**What this task involves**
All of the data must be written out verbatim, with pictures excluded.

++++++

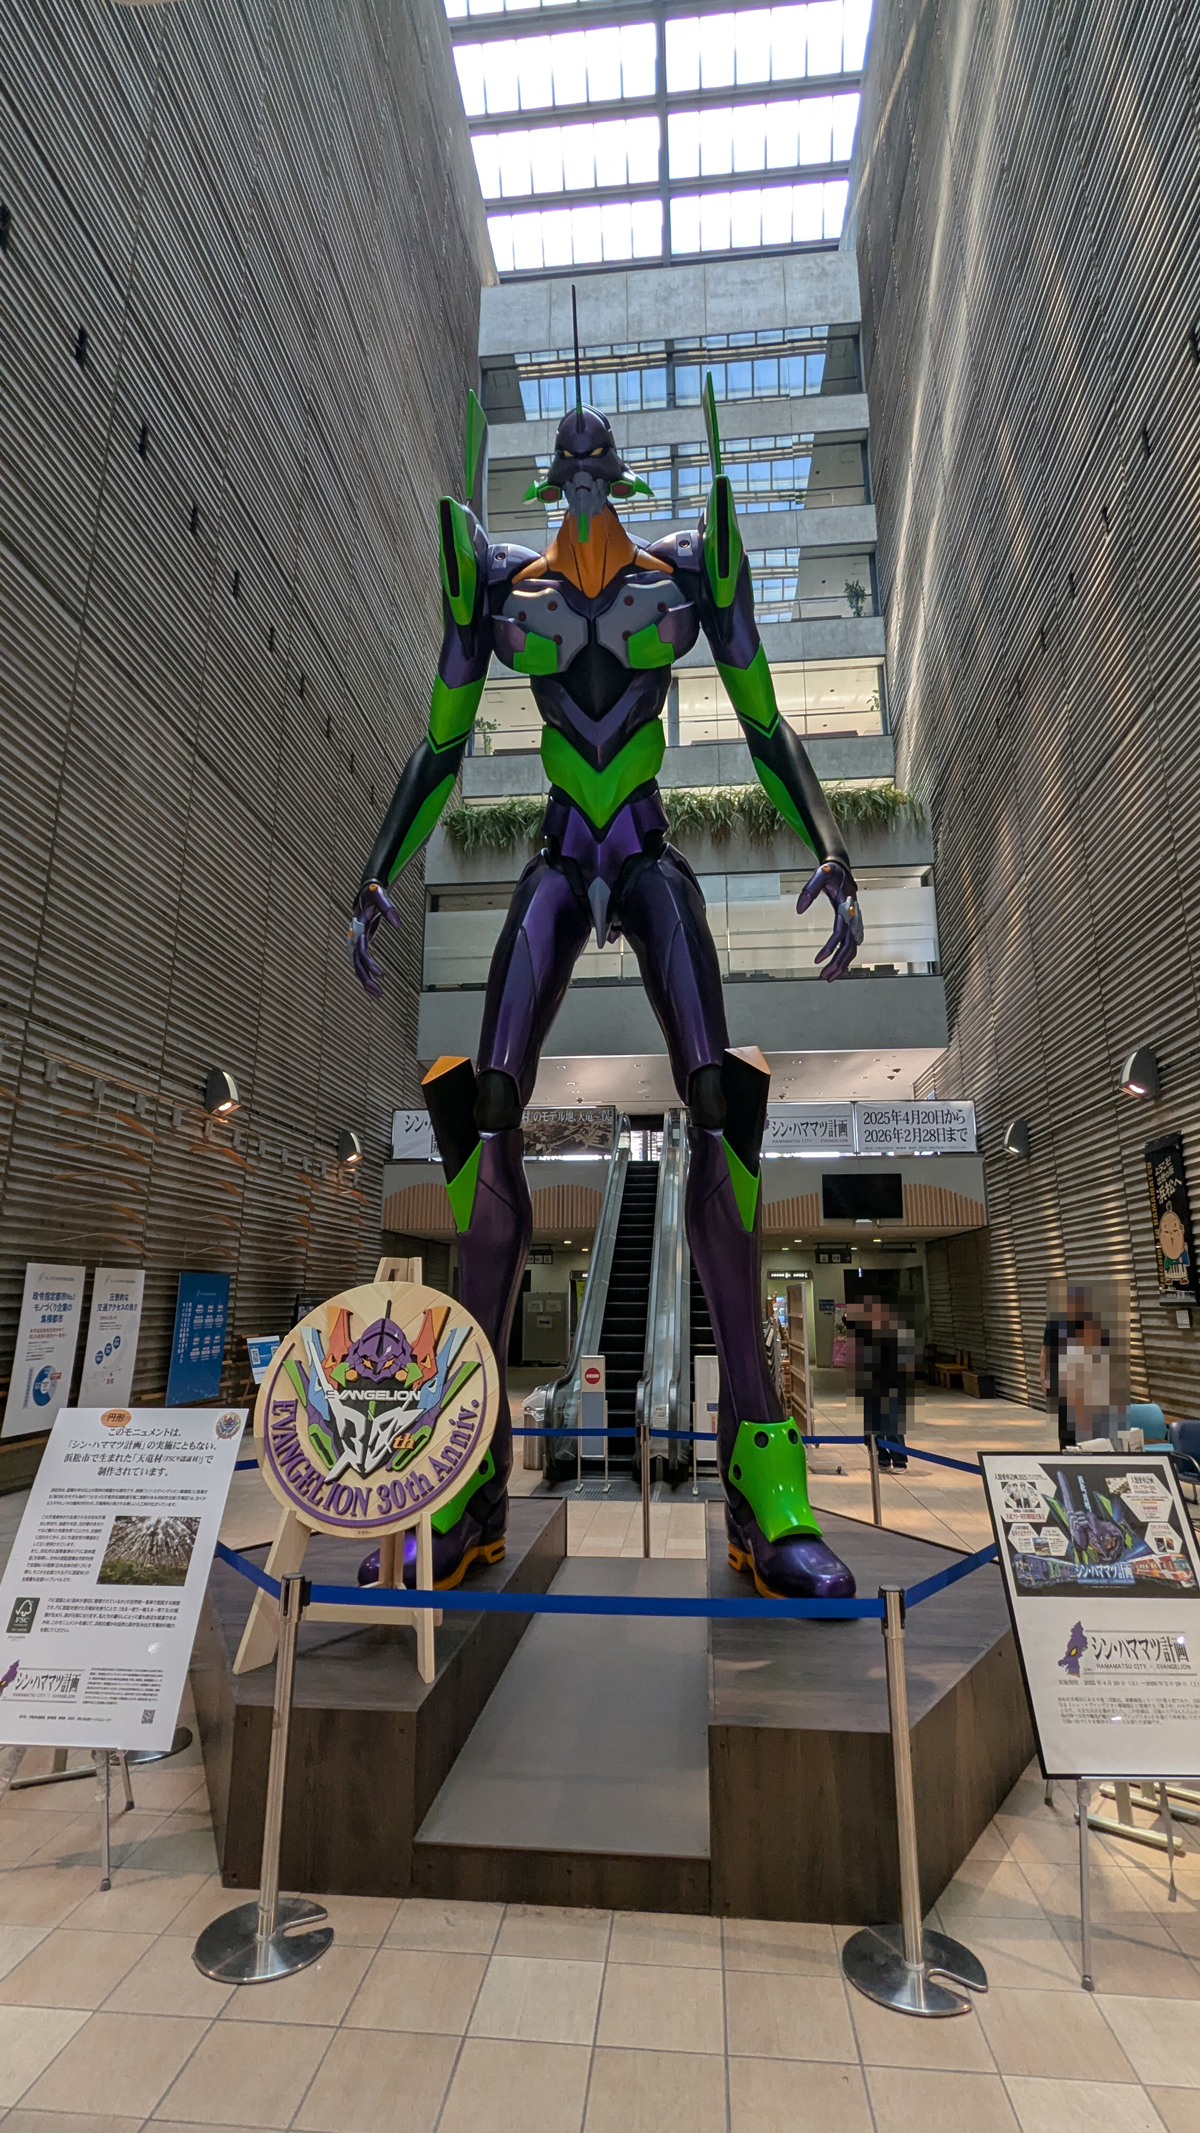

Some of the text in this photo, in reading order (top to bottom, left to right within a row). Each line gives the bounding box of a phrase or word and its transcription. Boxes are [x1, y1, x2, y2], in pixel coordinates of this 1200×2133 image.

[863, 1109, 966, 1125] 2025年4月20日から
[772, 1119, 848, 1138] シン・ハママツ計画
[864, 1127, 968, 1143] 2026年2月28日まで
[1155, 1155, 1172, 1176] ようこそ
[1146, 1161, 1159, 1226] HAMAMATSU
[1156, 1178, 1182, 1204] 浜松へ
[109, 1293, 129, 1302] 圧倒的な
[33, 1302, 73, 1312] モノづくり企業の
[96, 1303, 138, 1312] 交通アクセスの良さ
[326, 1389, 421, 1401] EVANGELION
[106, 1412, 126, 1422] 円形
[107, 1428, 182, 1437] このモニュメントは、
[67, 1440, 217, 1450] 「シン・ハママツ計画」の実施にともない、
[271, 1398, 480, 1518] EVANGELION 30th Anniv.
[97, 1467, 169, 1477] 制作されています。
[1074, 1562, 1134, 1579] シン・ハママツ計画
[15, 1616, 30, 1624] FSC
[1091, 1636, 1190, 1663] シン・ハママツ計画
[15, 1672, 82, 1693] シン・ハママツ計画

++++++

**The answer**
Some of the text in this photo, in reading order (top to bottom, left to right within a row). Each line gives the bounding box of a phrase or word and its transcription. Boxes are [x1, y1, x2, y2], in pixel coordinates of this 1200×2133 image.

[863, 1109, 966, 1125] 2025年4月20日から
[772, 1119, 848, 1138] シン・ハママツ計画
[864, 1127, 968, 1143] 2026年2月28日まで
[1155, 1155, 1172, 1176] ようこそ
[1146, 1161, 1159, 1226] HAMAMATSU
[1156, 1178, 1182, 1204] 浜松へ
[109, 1293, 129, 1302] 圧倒的な
[33, 1302, 73, 1312] モノづくり企業の
[96, 1303, 138, 1312] 交通アクセスの良さ
[326, 1389, 421, 1401] EVANGELION
[106, 1412, 126, 1422] 円形
[107, 1428, 182, 1437] このモニュメントは、
[67, 1440, 217, 1450] 「シン・ハママツ計画」の実施にともない、
[271, 1398, 480, 1518] EVANGELION 30th Anniv.
[97, 1467, 169, 1477] 制作されています。
[1074, 1562, 1134, 1579] シン・ハママツ計画
[15, 1616, 30, 1624] FSC
[1091, 1636, 1190, 1663] シン・ハママツ計画
[15, 1672, 82, 1693] シン・ハママツ計画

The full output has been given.